*What you have to do*
Your answer is a copy of every line in the records where "word" appears.

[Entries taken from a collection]
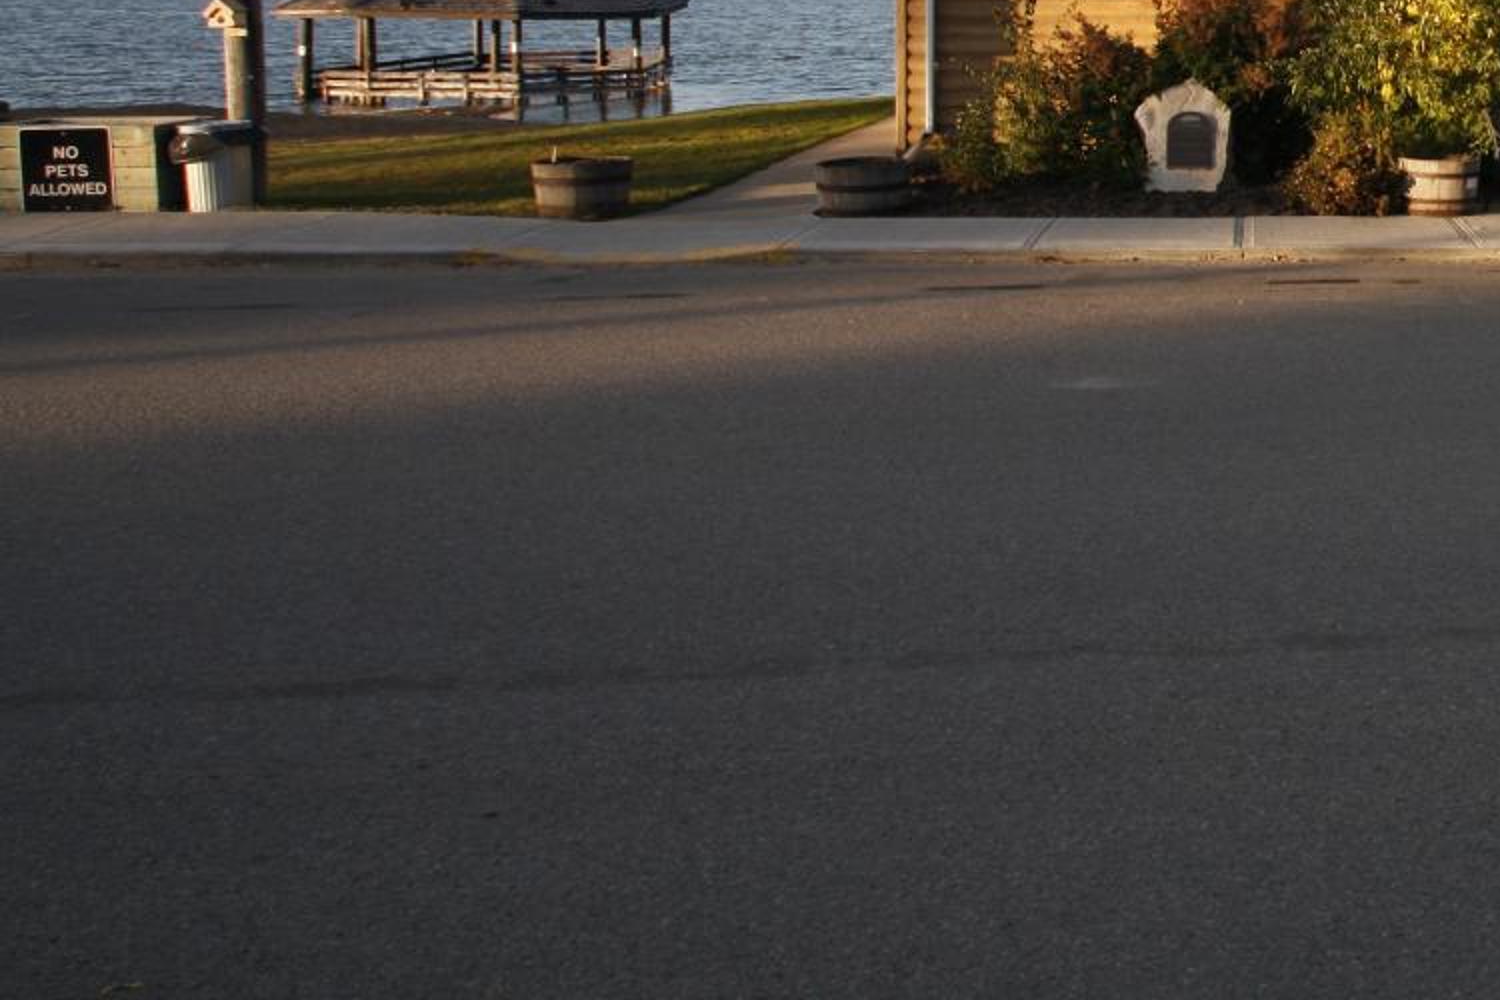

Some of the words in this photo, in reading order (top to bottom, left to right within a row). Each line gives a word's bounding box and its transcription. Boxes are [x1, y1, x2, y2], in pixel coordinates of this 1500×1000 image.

[53, 145, 79, 159] NO
[44, 163, 89, 178] PETS
[29, 182, 107, 196] ALLOWED
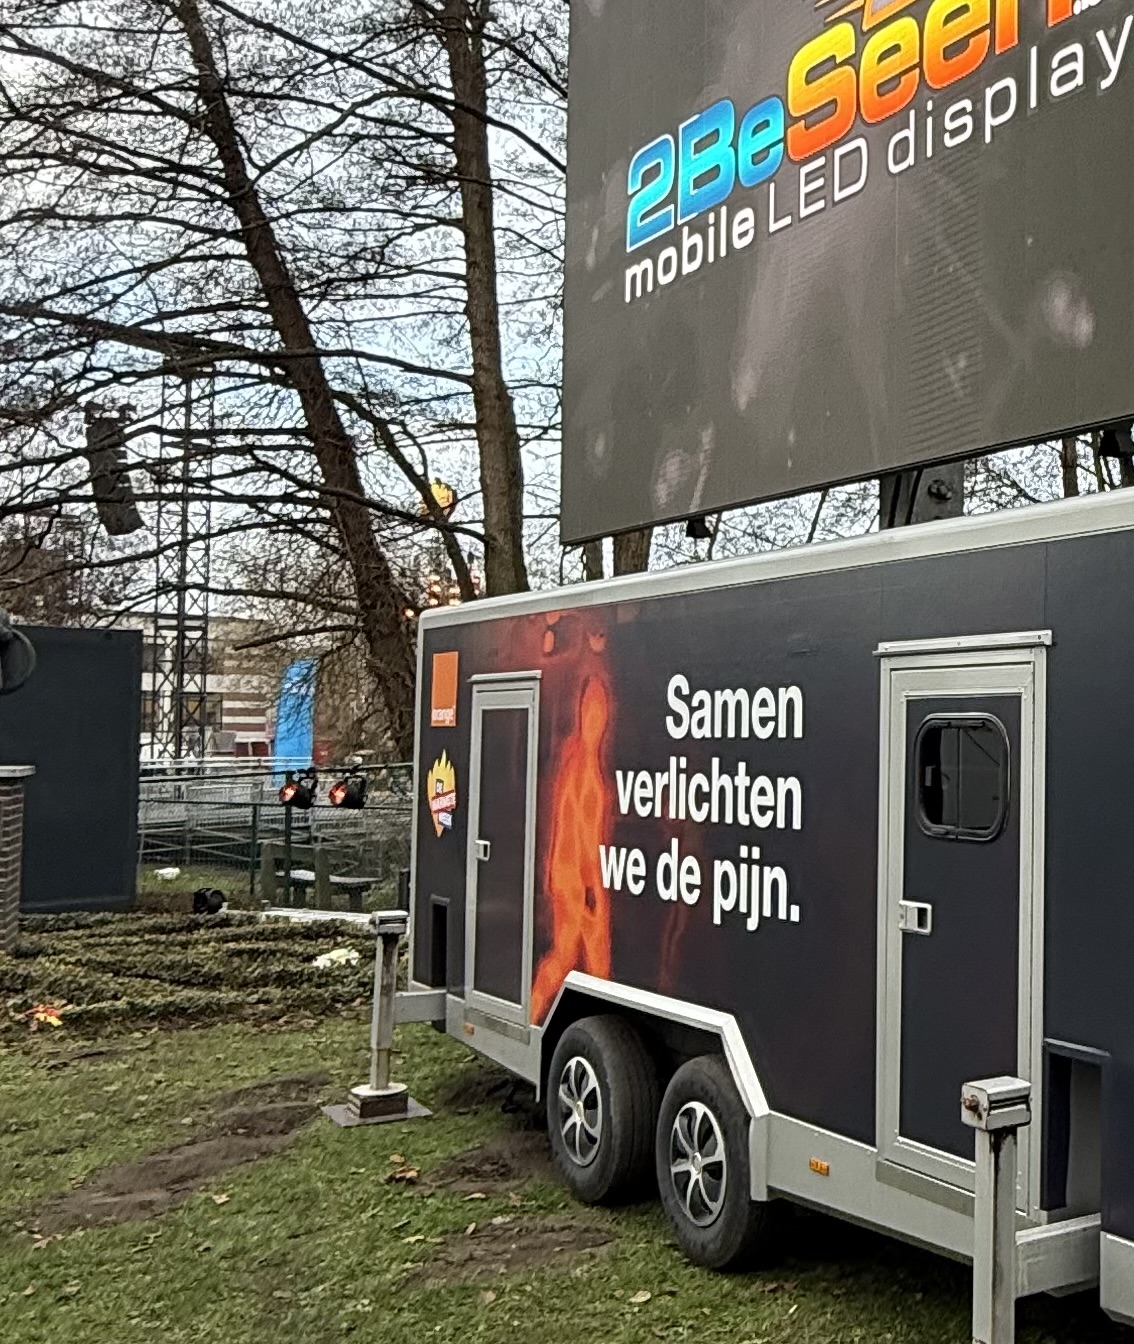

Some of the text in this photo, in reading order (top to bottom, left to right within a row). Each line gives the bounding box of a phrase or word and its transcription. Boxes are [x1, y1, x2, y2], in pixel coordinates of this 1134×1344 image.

[624, 14, 1134, 304] mobile LED display
[666, 674, 803, 739] Samen
[615, 756, 802, 831] verlichten
[599, 837, 800, 931] we de pijn.
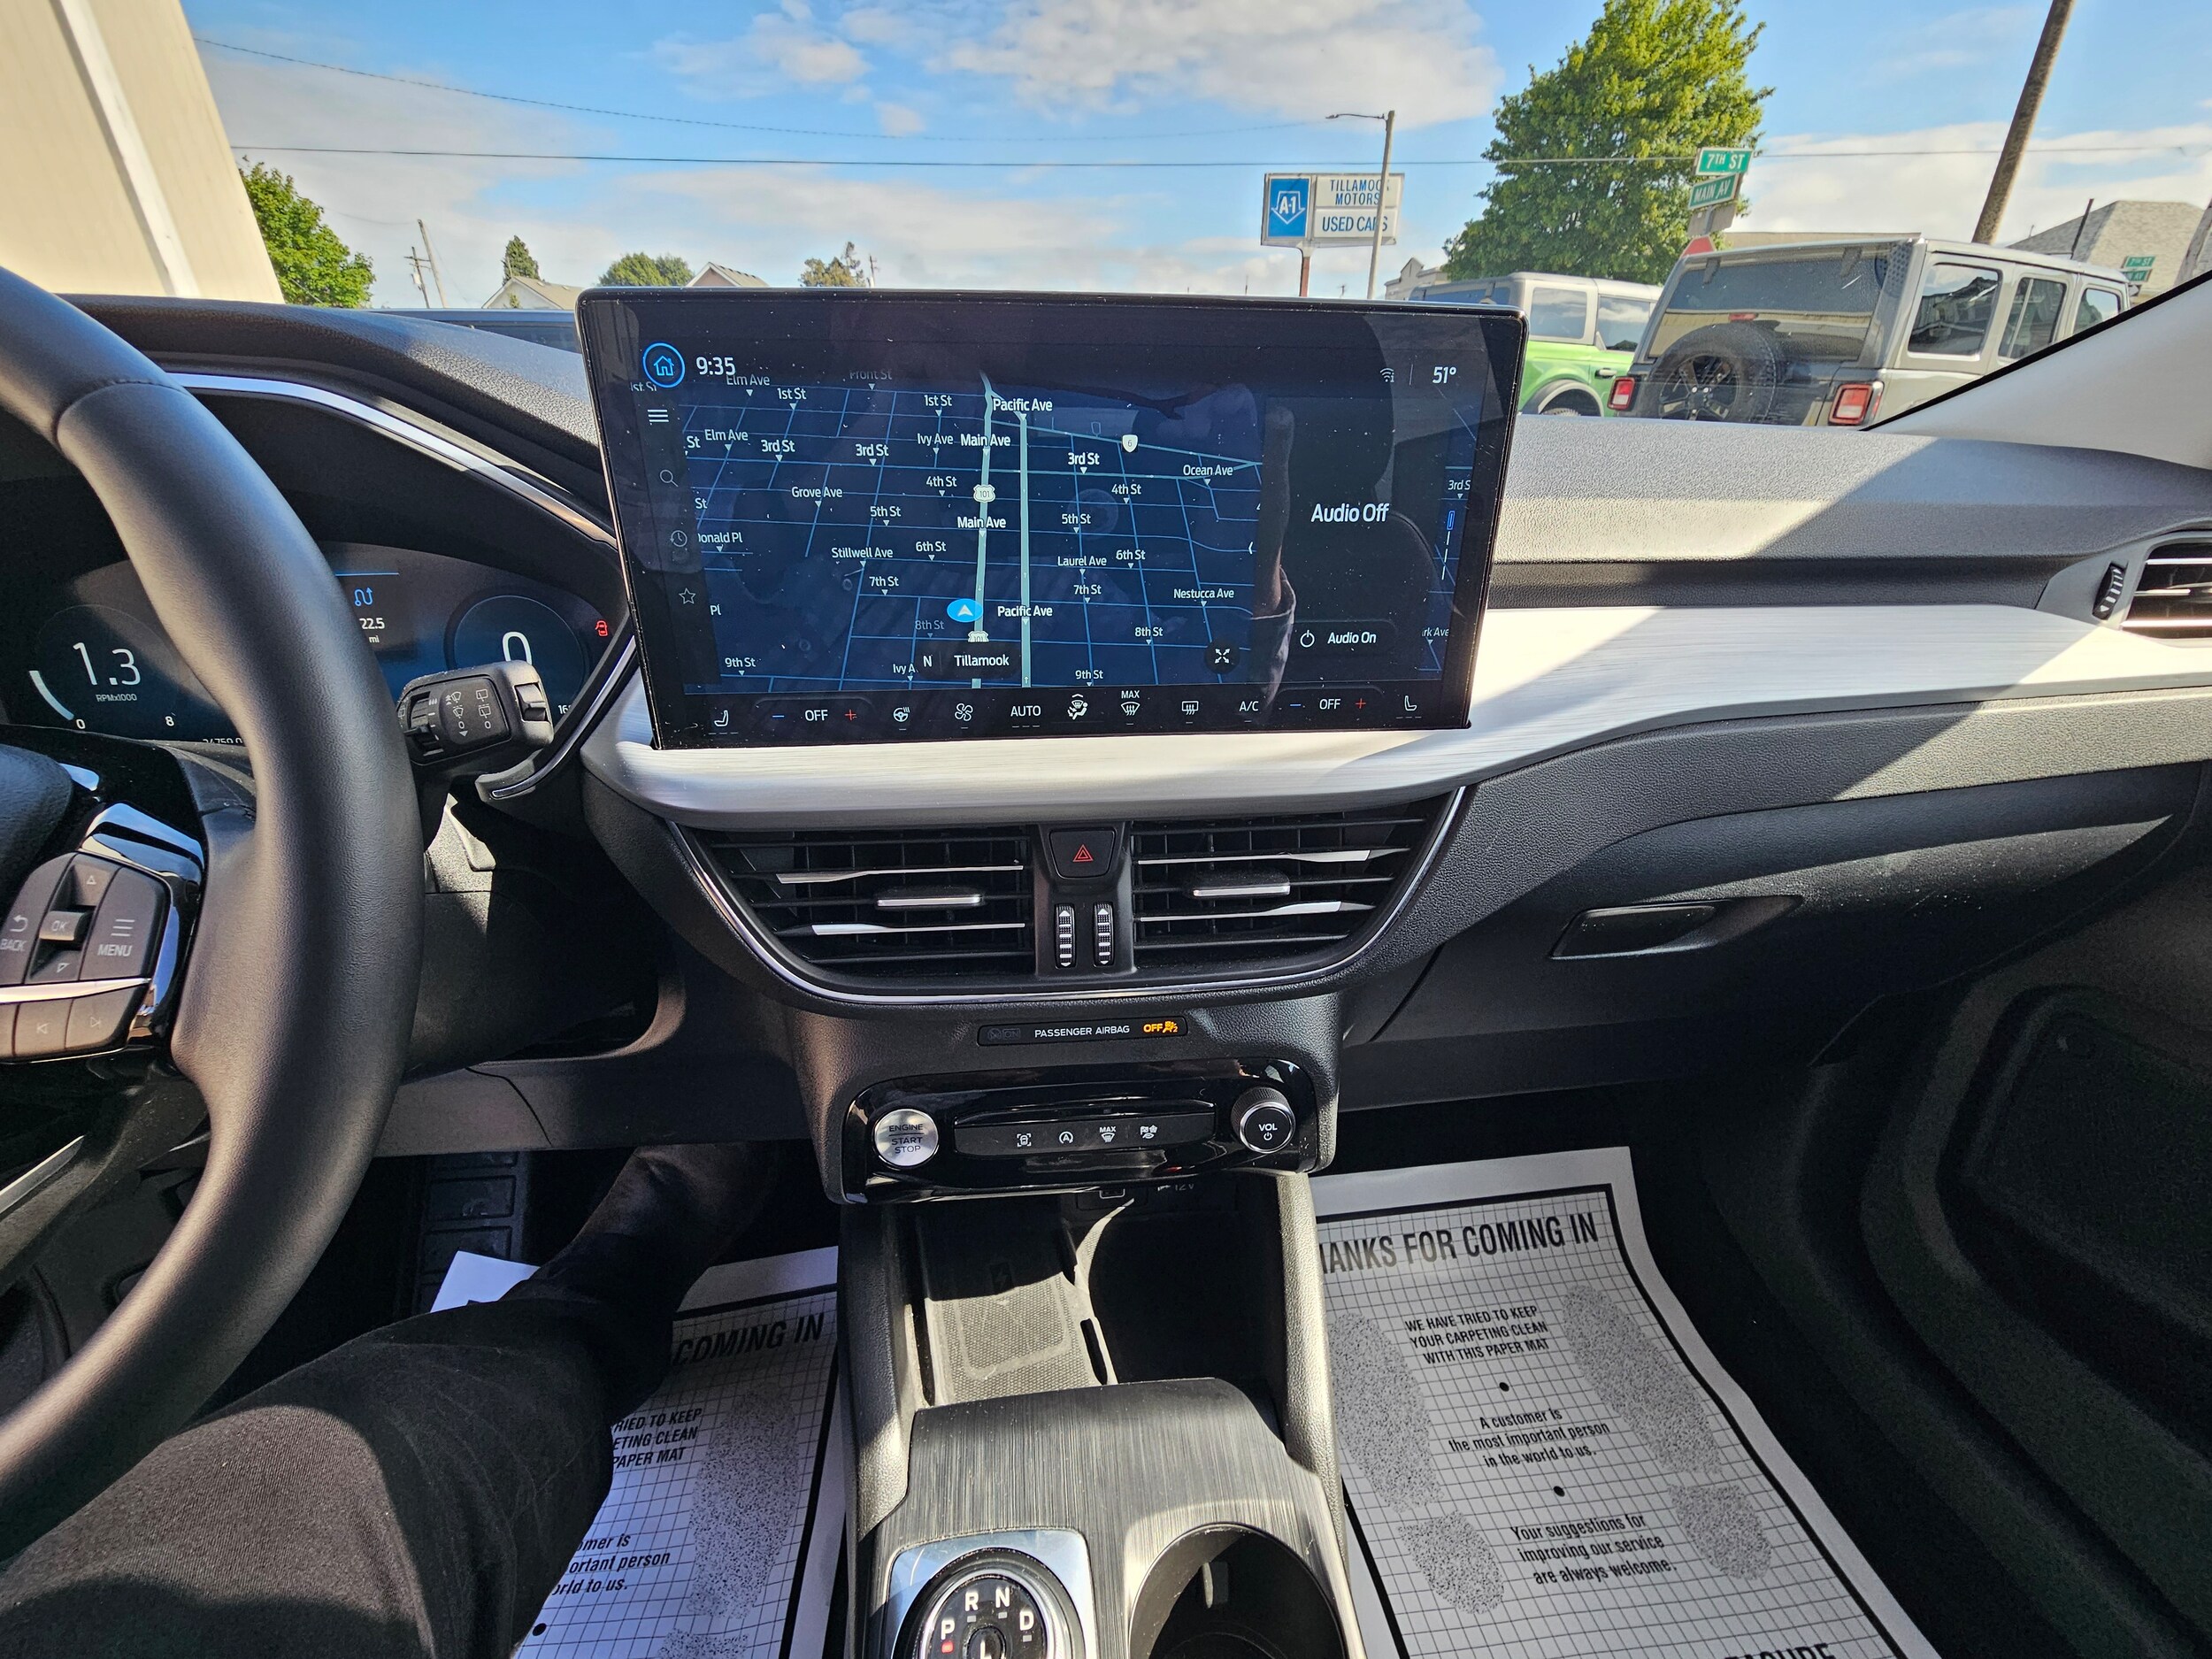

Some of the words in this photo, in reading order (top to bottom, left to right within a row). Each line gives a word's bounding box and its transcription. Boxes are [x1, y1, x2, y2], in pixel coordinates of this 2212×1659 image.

[1707, 154, 1725, 168] 7TH
[1729, 154, 1745, 170] ST
[1331, 179, 1389, 191] TILLAMOO
[1694, 184, 1717, 203] MAIN
[1717, 180, 1731, 199] AV
[1335, 192, 1380, 205] MOTORS
[1322, 216, 1354, 232] USED
[696, 357, 736, 375] 9:35
[726, 375, 749, 386] Elm
[750, 375, 770, 386] Ave
[778, 388, 791, 400] 1st
[793, 388, 806, 400] St
[925, 395, 938, 406] 1st
[940, 395, 952, 406] St
[993, 399, 1030, 411] Pacific
[1032, 399, 1053, 411] Ave
[704, 430, 726, 441] Elm
[728, 430, 749, 441] Ave
[918, 434, 933, 446] Ivy
[934, 434, 954, 444] Ave
[961, 434, 987, 446] Main
[989, 435, 1010, 446] Ave
[687, 436, 701, 449] St
[761, 440, 778, 452] 3rd
[780, 441, 795, 453] St
[856, 444, 872, 457] 3rd
[874, 444, 888, 457] St
[1068, 453, 1084, 465] 3rd
[1085, 453, 1100, 465] St
[1184, 465, 1212, 476] Ocean
[1214, 465, 1233, 475] Ave
[926, 476, 942, 487] 4th
[944, 476, 957, 487] St
[1448, 480, 1463, 490] 3rd
[791, 488, 821, 497] Grove
[823, 487, 842, 497] Ave
[1111, 485, 1127, 495] 4th
[1129, 485, 1141, 495] St
[871, 506, 886, 517] 5th
[888, 506, 901, 517] St
[1311, 503, 1359, 522] Audio
[1363, 503, 1389, 522] Off
[957, 517, 984, 528] Main
[986, 517, 1006, 528] Ave
[1062, 513, 1077, 524] 5th
[1078, 513, 1090, 524] St
[732, 532, 743, 543] Pl
[832, 547, 872, 557] Stillwell
[874, 547, 893, 557] Ave
[916, 541, 933, 552] 6th
[934, 541, 946, 552] St
[1117, 550, 1133, 559] 6th
[1135, 550, 1145, 559] St
[1058, 556, 1087, 566] Laurel
[1088, 556, 1106, 566] Ave
[869, 577, 885, 586] 7th
[887, 577, 899, 586] St
[1074, 585, 1088, 595] 7th
[1090, 585, 1101, 595] St
[1173, 589, 1214, 598] Nestucca
[1217, 589, 1234, 598] Ave
[998, 605, 1031, 617] Pacific
[1033, 605, 1053, 617] Ave
[359, 618, 385, 630] 22.5
[915, 619, 932, 630] 8th
[934, 619, 944, 630] St
[1134, 626, 1152, 637] 8th
[1154, 626, 1163, 637] St
[1327, 632, 1357, 644] Audio
[1361, 632, 1377, 644] On
[73, 642, 142, 686] 1.3
[726, 657, 741, 667] 9th
[744, 657, 756, 667] St
[924, 656, 933, 667] N
[954, 654, 1009, 666] Tillamook
[894, 664, 907, 674] Ivy
[1076, 670, 1093, 680] 9th
[1094, 670, 1103, 680] St
[1121, 690, 1140, 699] MAX
[1239, 701, 1258, 711] A/C
[1319, 699, 1340, 710] OFF
[805, 710, 828, 721] OFF
[1010, 706, 1041, 717] AUTO
[51, 921, 69, 931] OK
[97, 944, 133, 956] MENU
[1035, 1026, 1092, 1038] PASSENGER
[1095, 1025, 1129, 1035] AIRBAG
[1143, 1023, 1163, 1033] OFF
[888, 1124, 924, 1133] ENGINE
[1258, 1123, 1278, 1132] VOL
[892, 1136, 924, 1146] START
[895, 1145, 921, 1154] STOP
[1402, 1228, 1457, 1265] FOR
[1463, 1216, 1565, 1258] COMING
[1570, 1212, 1600, 1244] IN
[1405, 1319, 1423, 1333] WE
[1426, 1315, 1456, 1329] HAVE
[1457, 1311, 1490, 1325] TRIED
[1492, 1309, 1509, 1322] TO
[1509, 1305, 1538, 1320] KEEP
[672, 1321, 787, 1365] COMING
[795, 1312, 825, 1343] IN
[1409, 1333, 1444, 1348] YOUR
[1446, 1325, 1509, 1346] CARPETING
[1511, 1321, 1548, 1338] CLEAN
[1424, 1349, 1456, 1364] WITH
[1457, 1345, 1485, 1361] THIS
[1486, 1341, 1524, 1357] PAPER
[1526, 1338, 1549, 1353] MAT
[649, 1414, 665, 1428] TO
[669, 1409, 703, 1425] KEEP
[1492, 1412, 1545, 1428] customer
[1548, 1409, 1563, 1420] is
[656, 1426, 698, 1444] CLEAN
[1448, 1439, 1470, 1453] the
[1473, 1436, 1505, 1451] most
[1506, 1426, 1568, 1449] important
[1570, 1422, 1610, 1442] person
[612, 1451, 653, 1469] PAPER
[657, 1447, 687, 1463] MAT
[1485, 1455, 1498, 1467] in
[1501, 1453, 1520, 1467] the
[1521, 1448, 1555, 1464] world
[1558, 1446, 1574, 1460] to
[1576, 1444, 1597, 1458] us.
[1510, 1525, 1543, 1542] Your
[1545, 1516, 1624, 1541] suggestions
[1624, 1513, 1647, 1528] for
[617, 1533, 631, 1548] is
[1518, 1543, 1590, 1563] improving
[1592, 1541, 1614, 1556] our
[1615, 1535, 1665, 1553] service
[617, 1552, 671, 1572] person
[1533, 1571, 1557, 1586] are
[1559, 1563, 1609, 1584] always
[1609, 1557, 1678, 1578] welcome.
[586, 1578, 602, 1593] to
[606, 1578, 628, 1591] us.
[964, 1591, 979, 1612] R
[995, 1587, 1010, 1608] N
[1019, 1610, 1034, 1632] D
[941, 1619, 956, 1640] P

*Result for this task*
Some of the words in this photo, in reading order (top to bottom, left to right within a row). Each line gives a word's bounding box and its transcription. Boxes are [x1, y1, x2, y2], in pixel coordinates of this 1500×1000 image.
Some of the text in this photo, in reading order (top to bottom, left to right within a row). Each line gives the bounding box of a phrase or word and its transcription. Boxes are [x1, y1, x2, y2], in pixel coordinates of this 1134×1344 image.
Some of the words in this photo, in reading order (top to bottom, left to right within a row). Each line gives a word's bounding box and its transcription. Boxes are [x1, y1, x2, y2], in pixel coordinates of this 2212×1659 image.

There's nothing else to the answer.